After all this, you then have to tackle the actual body of the cover letter itself:
This paragraph is where you set the context for your submission. Did you meet the agent at a conference? Are you responding to a manuscript call? Were you referred by someone else? What this is not the place for is explaining how this book was written for your child/grandchild/niece or to explain that these are the true exploits of your most amazing and adorable cat. No matter how true these things may be, I don’t need to know them, and they will mark you as an amateur.
- One-Two paragraph pitch
The next one or two paragraphs should be your pitch of your book. Like a published book’s jacket copy or a written, more detailed elevator pitch, this is a teaser that gives the overall major plot arcs of the story, a feel for the major characters, the genre and age range of the children’s book, the themes you tackle, possibly the setting (if important), and anything else you feel is important and will help set your book apart from the other comparable books out there. You are not quoting or paraphrasing the text, merely summarizing, but if possible you should still try to convey your voice — your own distinct writing style that makes your writing sound like you.(*NOTE* These are very difficult to write but extremely important to get right. If this paragraph(s) does not interest the children’s book editor/agent reading it, there’s a very good chance the rest of the letter and your manuscript will not get read either. This is not to paralyze you into incapacitating writer’s block inducing fear, but merely to make you aware of the importance of a good pitch.)
- Series pitch
If you see your book as the beginning of a series, this paragraph is the place to tell me about it. However, if you don’t see this as a series (and despite the tale bookstore shelves may tell, not every book is the first in a series), do not suddenly try to develop one for your cover letter. Just skip on to the next paragraph. Besides, if your editor/agent ends up seeing it as a series, they will be happy to tell you. You’ll then be left with the pesky little detail of trying to think one up. Worry about it then.

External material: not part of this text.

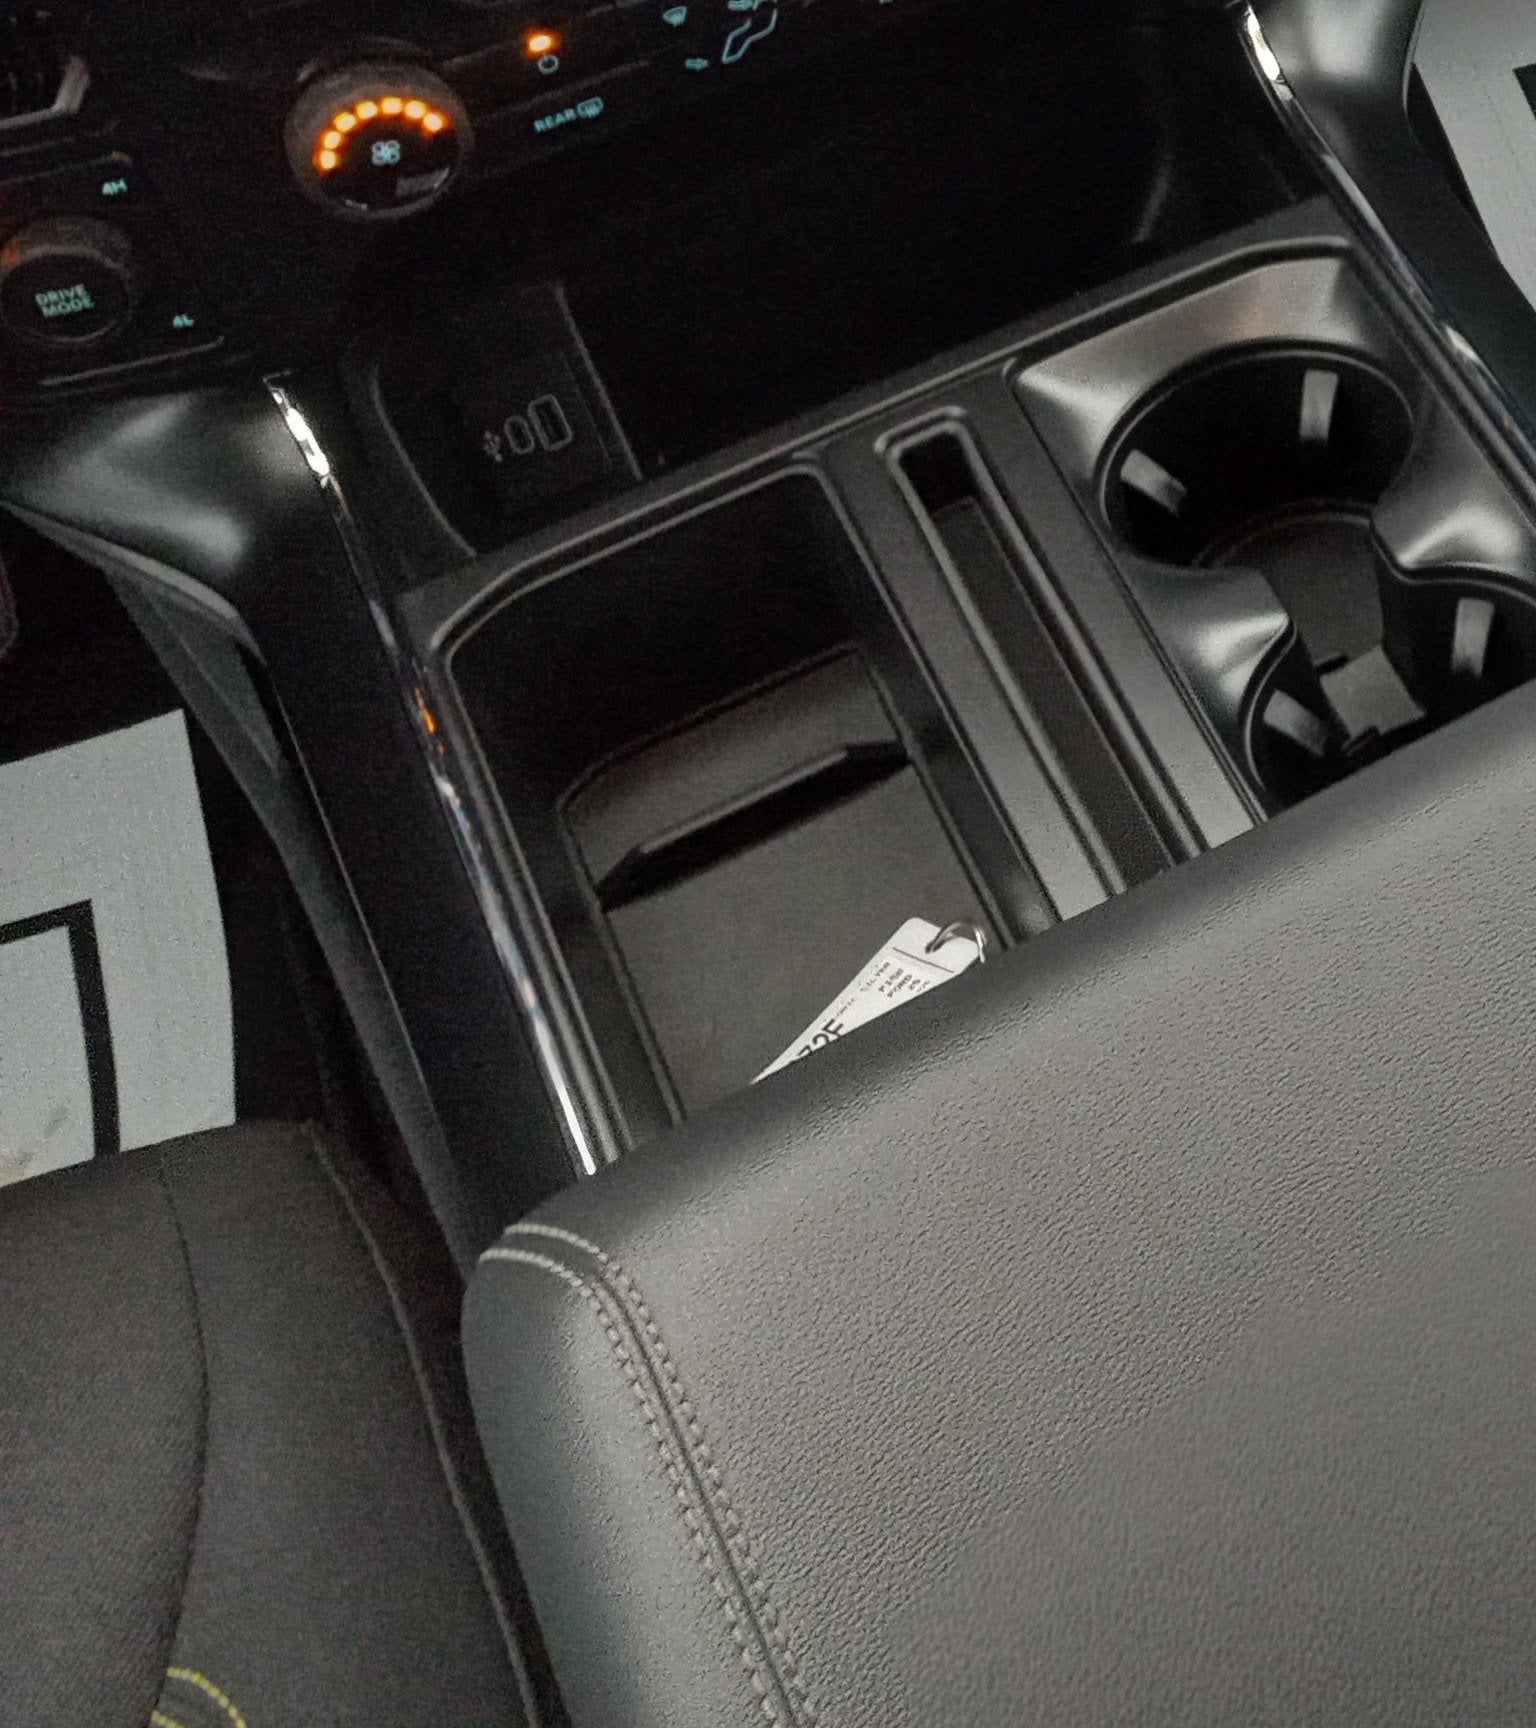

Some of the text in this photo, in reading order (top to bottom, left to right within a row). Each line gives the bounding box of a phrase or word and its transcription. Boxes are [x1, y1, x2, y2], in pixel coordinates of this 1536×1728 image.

[534, 108, 576, 133] REAR
[35, 282, 87, 308] DRIVE
[41, 293, 96, 317] MODE

This is the place to tell me a little bit about yourself. But be professional here. I would like to know if you have a PhD in literacy or an MA in Children’s Literature. I don’t want to know that you’ve been reading children’s books since you were a child. Also, this is the place for any professional associations that you belong to like SCBWI, Writer’s Leagues, etc.
Since we are discussing cover letters for unsolicited manuscripts, you would then thank the agent/editor and sign the letter. However, if we were discussing queries, this would be the place to politely ask to submit the manuscript.
Format-wise, the body of your email should look the same as a regular business letter: single spaced paragraphs with no indent and a double space in between. Do not use strange fonts or sizes. They will not make your email stand out, but merely make it annoying.
For a great discussion and annotated query letter, see Brooklyn Arden’s post. Although a query letter, all of the pertinent information is the same. I greatly admire this editor, and if you don’t already follow this blog, you should consider doing so. She is a great resource of information.